第1章閑話 神域にて佇む者1

 神域、それはこの世界と同じ理を持ち別次元のどこかに存在すると言われている領域。

 そこでたった一人で佇む神と名乗った者、マキナは地上を映した球体状の魔力空間を通して自身が送り込んだ転生者の様子を眺めていた。


「彼は……いえ、彼らは無事なようですね」


 そして、その様子を見て無事なことを確認した彼女は呟くようにそう言った。


「やはり、この場所に送ったのは正解だったようですね」


 もちろん、彼女はこの場所には適当に飛ばしたわけではない。この世界の中でも情勢が安定していて、平穏に生活しやすい場所を選んでエリュ達二人を飛ばしていた。


「この世界の理にも馴染んで来ているようですね」


 理の異なる世界に馴染むにはそれなりに時間が掛かるとも思われていたが、その予想に反して既に二人はだいぶこの世界に馴染んでいた。


「これは彼らの適応力と言うよりも周囲の者達の影響が大きいと見て間違い無さそうですね」


 二人の適応力が高かったということが一因であることに違いは無いが、それ以上に周りの者達の影響は大きかった。

 特に慈愛の精神を持ち彼らを受け入れ、魔法の扱いにも長けたルミナの存在は非常に大きく、彼女がいなければここまで早く新しい世界に馴染むことができていなかったと言っても過言では無い。


「そして、周囲の環境は人に強い影響を与えます。もちろん、彼らも例外では無いでしょう」


 人格や性格は周囲の環境によって形成されるのはもちろんのこと、場合によっては既に形成された人格や性格にも影響を与えることもある。


「しかし、人の性格はきっかけ一つで簡単に変わってしまうことがある一方で、そう簡単には変わらないという矛盾を孕んだ不思議なものでもあります」


 だが、人の性格とは不思議なもので、きっかけとなる出来事があれば容易に変わってしまうという変化しやすい一面を持っている一方で、そう簡単には変わらないという不変的な側面も持ち合わせている。
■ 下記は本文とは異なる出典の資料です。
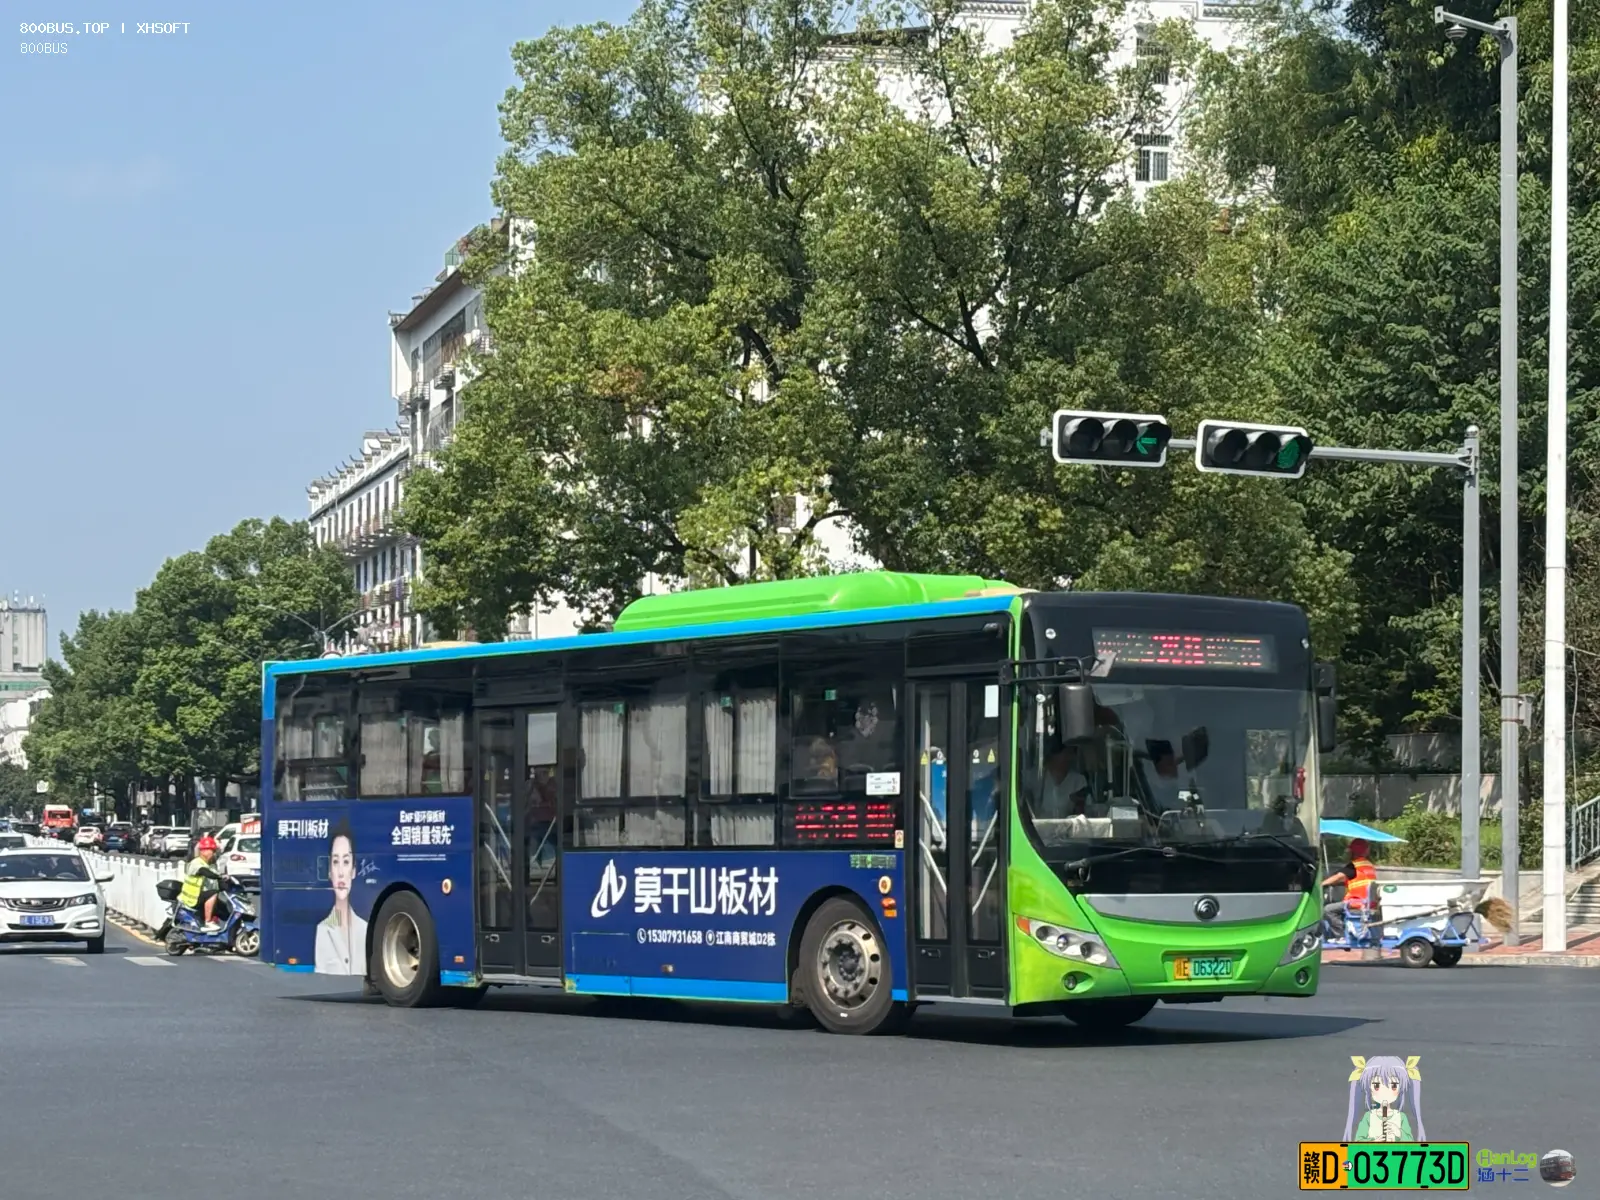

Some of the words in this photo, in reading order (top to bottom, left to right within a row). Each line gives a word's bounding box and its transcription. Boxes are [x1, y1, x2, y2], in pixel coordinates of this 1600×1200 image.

「彼らがどう変わっていくのか、それとも何も変わらないのか、それは誰にも分かりません」


 未来のことについて予想をすることは誰にでもできるが、未来のことが分かる者は誰一人として存在しない。

 もちろん、それは神だと名乗った彼女自身も例外ではなかった。


「しかし、一つ確かに変わった点はあるようですね」


 だが、エリュには一つだけ確実に言える大きな変化があった。

 それは他者に対する情だ。明らかに以前よりも思いやりの類の感情が強くなっている。

 特にシオンに対しては慈愛の類の感情も見受けられた。


「ただ、芯となっている根底の部分は変わっていないように見えます。あくまで私の印象ですが」


 ただ、それとは対称的に悪人に対しての残虐なまでの無情さは変わっていないように見えた。


「とは言っても、彼らはまだ転生して一か月も経っていませんし、今後どうなるのかはまだまだ分かりませんね」


 とは言え、エリュ達はまだ転生して一か月も経っておらず、きっかけ一つで彼らの運命が大きく変わる可能性もあるので、今後どうなっていくのかはまだまだ予想がつかない。


「それに、彼女もまた大きく彼らに関わって来そうですし、大きく運命が変わるかもしれませんね」


 そう言って視線を移したのはエリュ達が市場で会った全身を覆う黒い外套を纏った少女、エリサだった。


「彼女は彼らのことについて何か気になることが、いえ、気付いたことがあるようですね」


 市場でも何かを気にしていた彼女だったが、エリュ達を見てあることに気が付いているようだった。


「そのこと自体は直接彼らに影響は与えませんが、それを気にした彼女が関わることになれば話は別です」


 新たな出会いは大きなきっかけになり得るので、それによって大きく運命が変わる可能性は十分にある。


「彼らの新しい物語は幕を開けたばかりです。彼らがどんな過程を辿ってどんな結末を迎えるかは分かりませんが、彼らをこの世界に送り込んだ者として、最後の管理者として私はそれをただ見届けるだけです」


 そして、マキナは最後にそれだけ言うと地上を映した魔力空間を閉じた。